DATA PROVIDED:
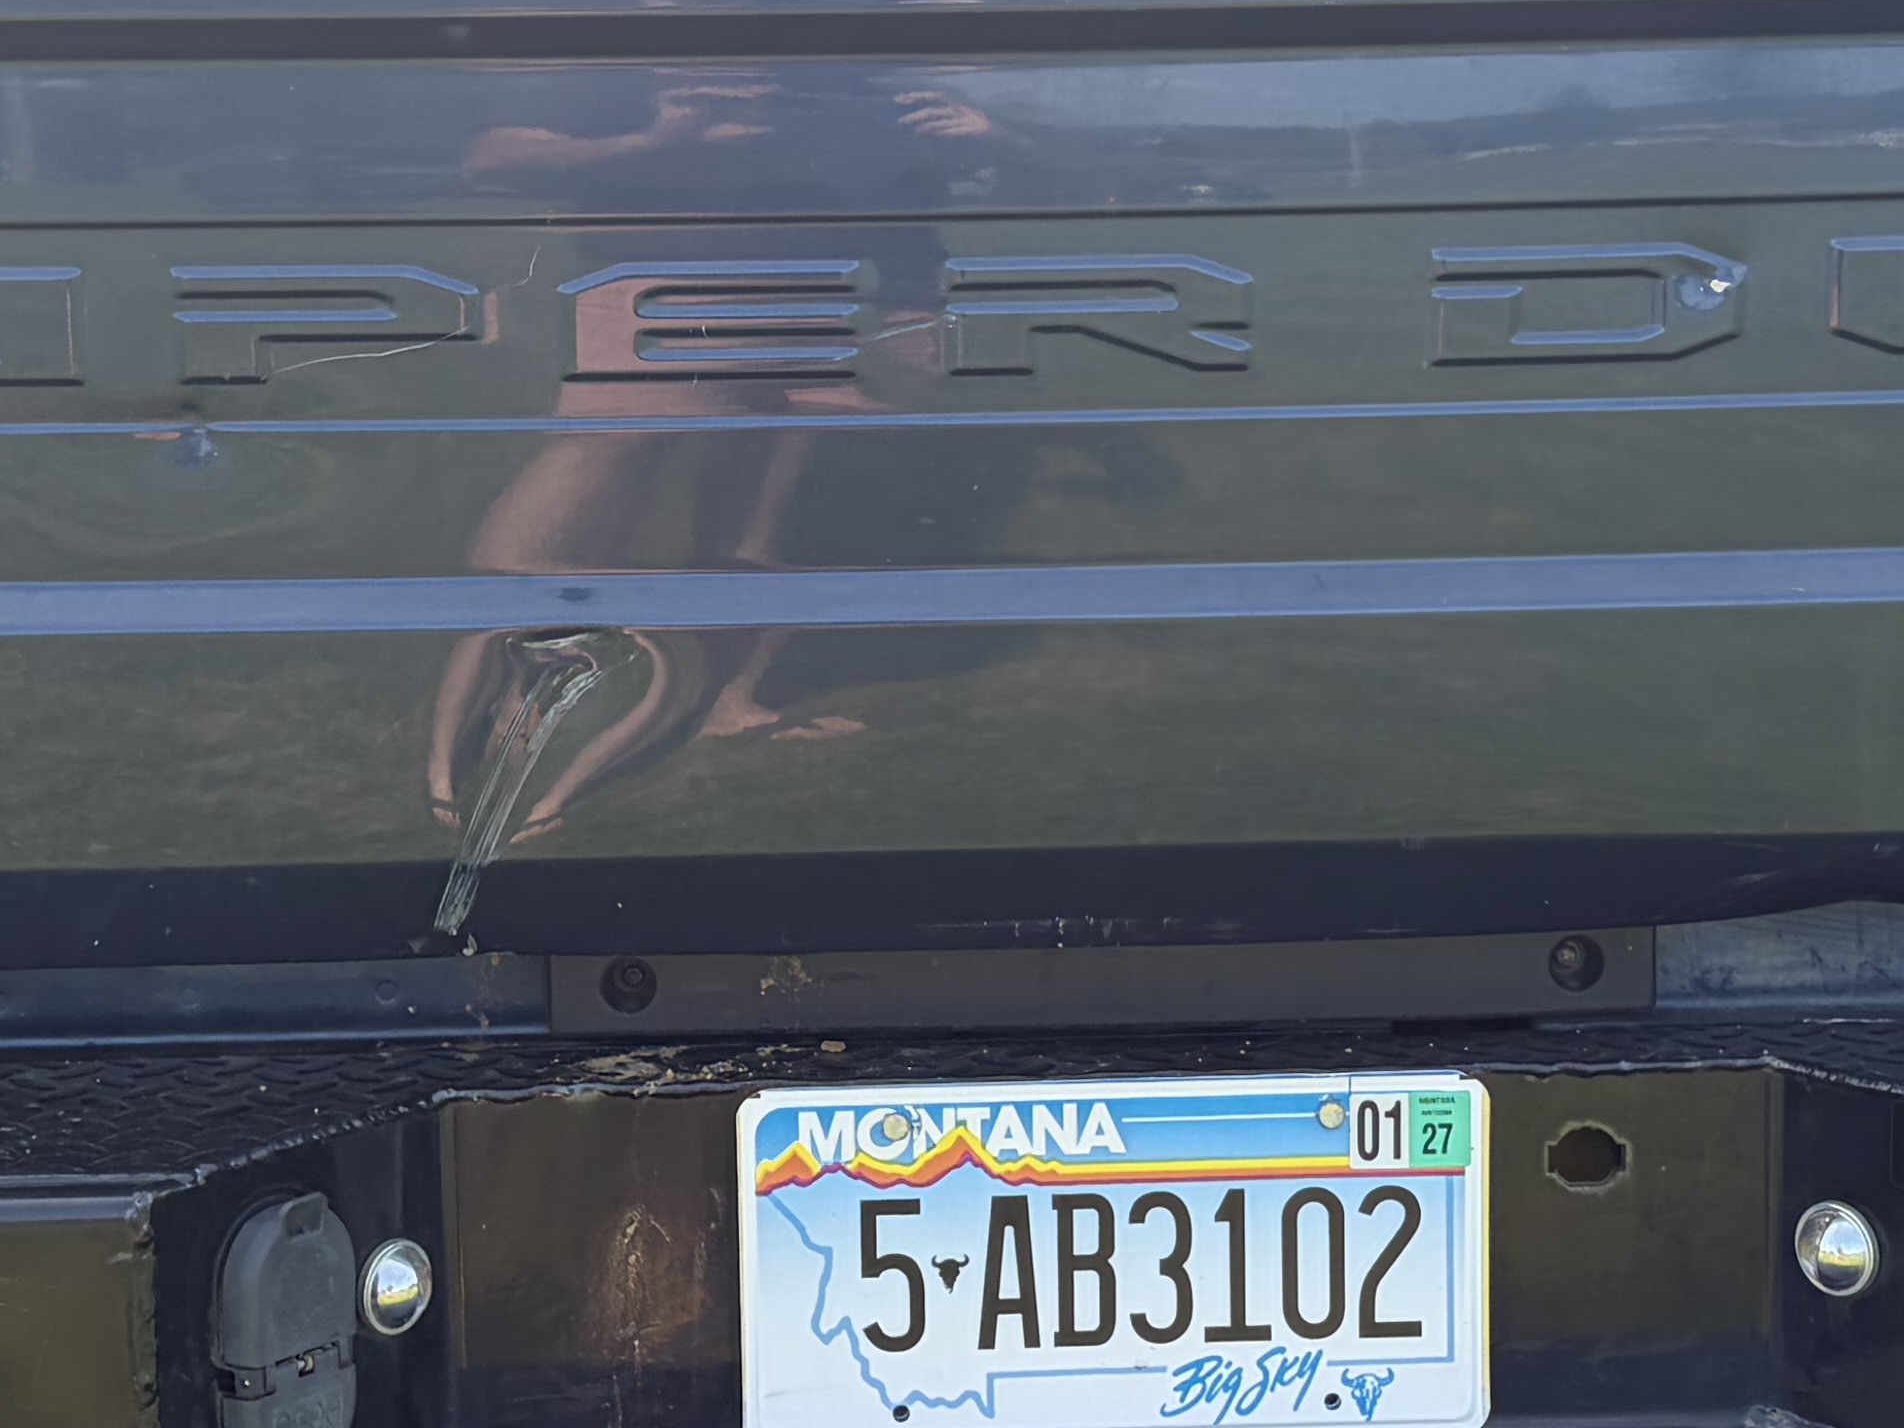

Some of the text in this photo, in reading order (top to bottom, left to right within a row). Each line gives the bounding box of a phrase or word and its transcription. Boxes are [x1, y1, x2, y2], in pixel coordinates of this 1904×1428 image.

[797, 1101, 1128, 1163] MONTANA
[1356, 1099, 1402, 1161] 01
[1421, 1122, 1453, 1155] 27
[859, 1184, 1423, 1353] 5 AB3102
[1160, 1355, 1243, 1425] Big
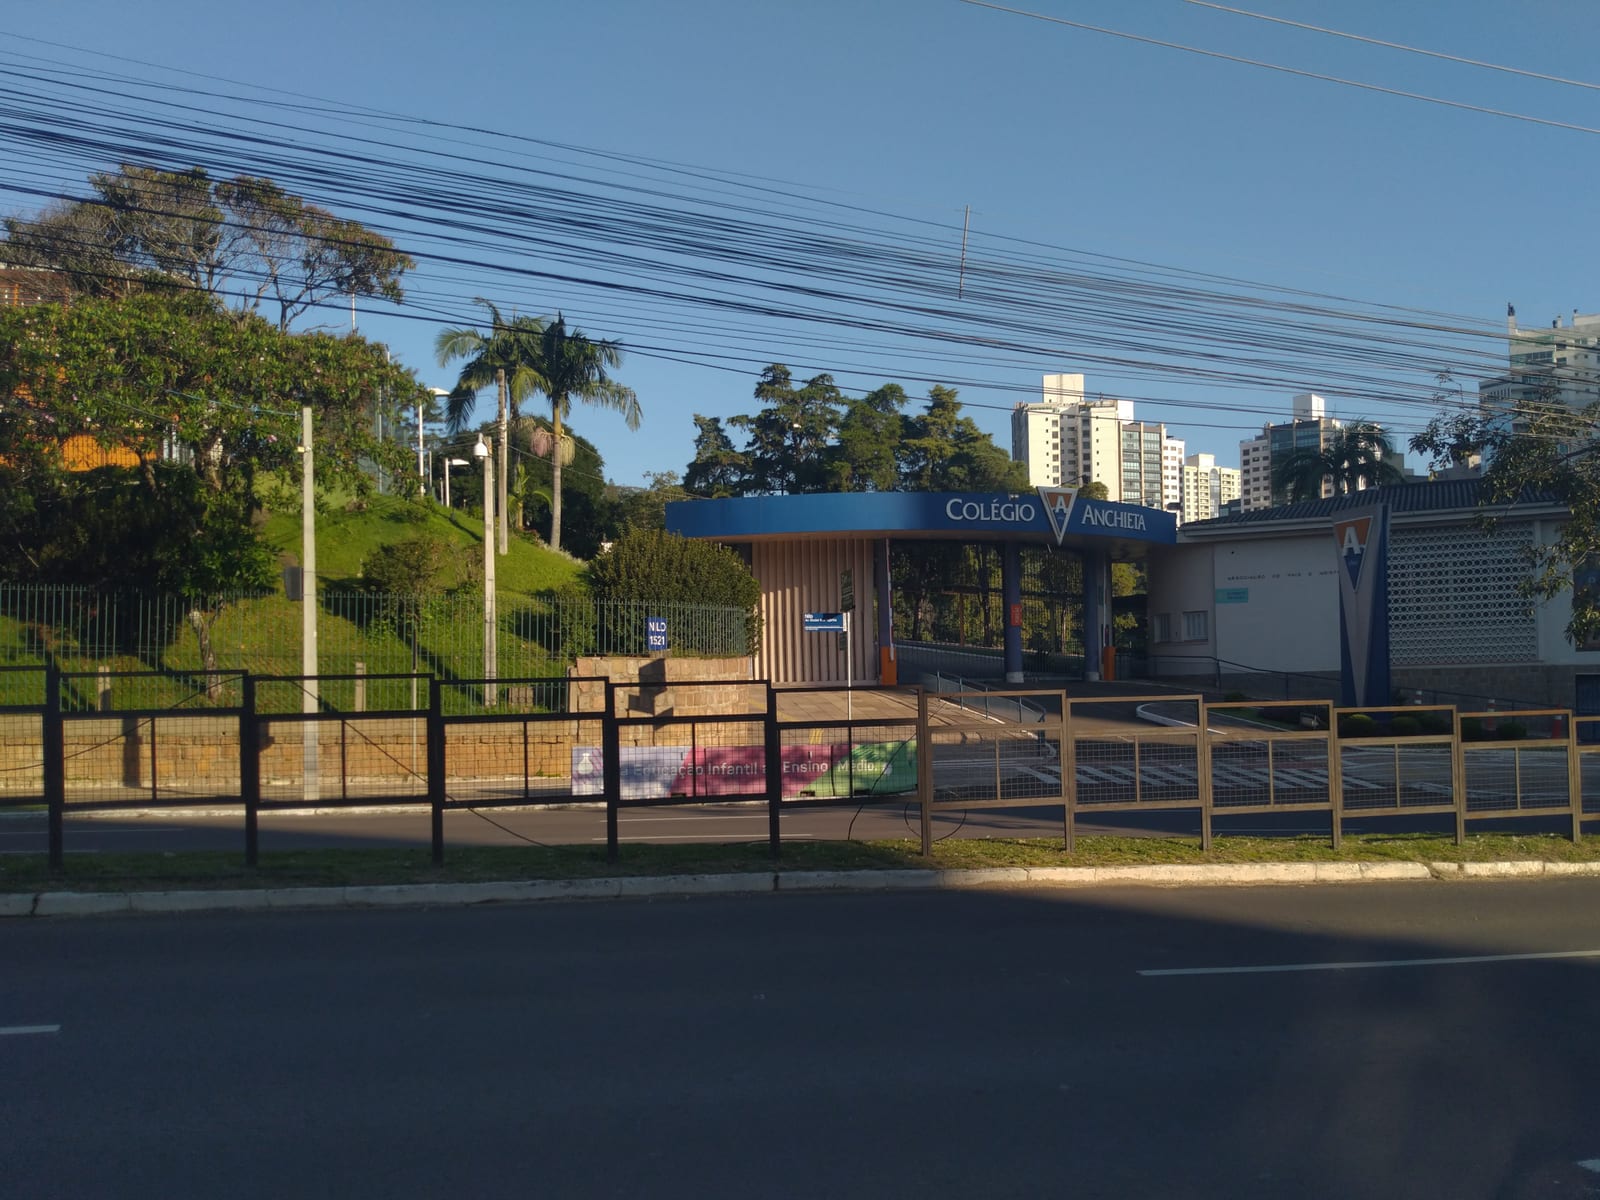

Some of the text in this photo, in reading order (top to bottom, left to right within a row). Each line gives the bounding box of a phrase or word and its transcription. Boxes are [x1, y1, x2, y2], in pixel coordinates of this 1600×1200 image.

[946, 498, 1146, 531] COLÉGIO ANCHIETA
[649, 635, 665, 646] 1521
[708, 762, 758, 775] Infantil
[783, 760, 829, 773] Ensino
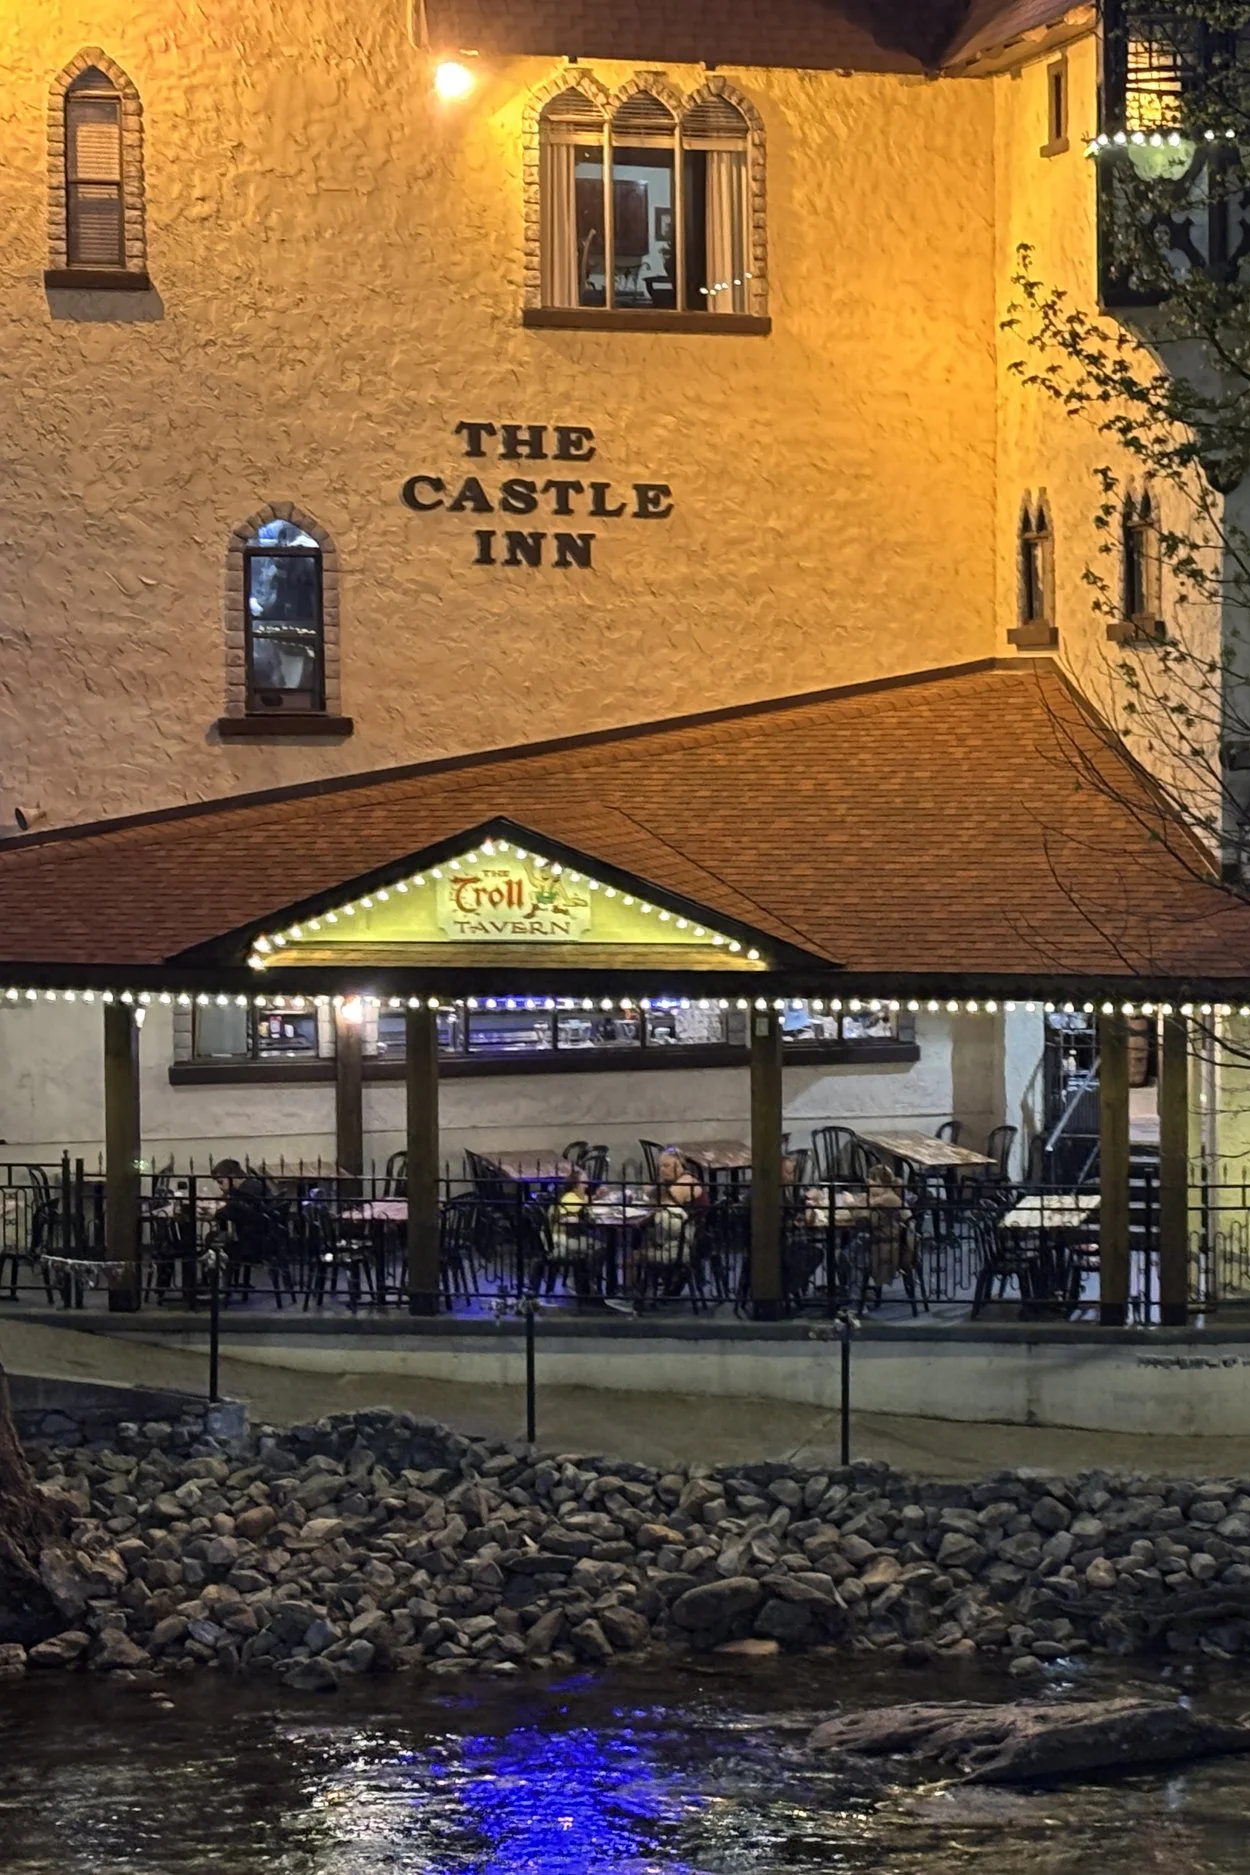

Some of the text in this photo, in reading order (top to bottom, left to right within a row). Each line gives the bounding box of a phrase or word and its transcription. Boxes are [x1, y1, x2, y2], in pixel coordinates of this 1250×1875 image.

[455, 420, 596, 461] THE
[402, 475, 674, 518] CASTLE
[472, 529, 596, 567] INN
[482, 869, 510, 877] THE
[450, 875, 524, 913] Troll
[454, 920, 571, 935] TAVERN

TASK BRIEF: Retype all the data exactly; skip the pictures.

WRITTEN ANSWER:
Some of the text in this photo, in reading order (top to bottom, left to right within a row). Each line gives the bounding box of a phrase or word and its transcription. Boxes are [x1, y1, x2, y2], in pixel coordinates of this 1904×1428 image.

[797, 1101, 1128, 1163] MONTANA
[1356, 1099, 1402, 1161] 01
[1421, 1122, 1453, 1155] 27
[859, 1184, 1423, 1353] 5 AB3102
[1160, 1355, 1243, 1425] Big

Some of the text in this photo, in reading order (top to bottom, left to right within a row). Each line gives the bounding box of a phrase or word and its transcription. Boxes are [x1, y1, x2, y2], in pixel coordinates of this 1600×1200 image.

[946, 498, 1146, 531] COLÉGIO ANCHIETA
[649, 635, 665, 646] 1521
[708, 762, 758, 775] Infantil
[783, 760, 829, 773] Ensino

Some of the text in this photo, in reading order (top to bottom, left to right within a row). Each line gives the bounding box of a phrase or word and its transcription. Boxes are [x1, y1, x2, y2], in pixel coordinates of this 1250×1875 image.

[455, 420, 596, 461] THE
[402, 475, 674, 518] CASTLE
[472, 529, 596, 567] INN
[482, 869, 510, 877] THE
[450, 875, 524, 913] Troll
[454, 920, 571, 935] TAVERN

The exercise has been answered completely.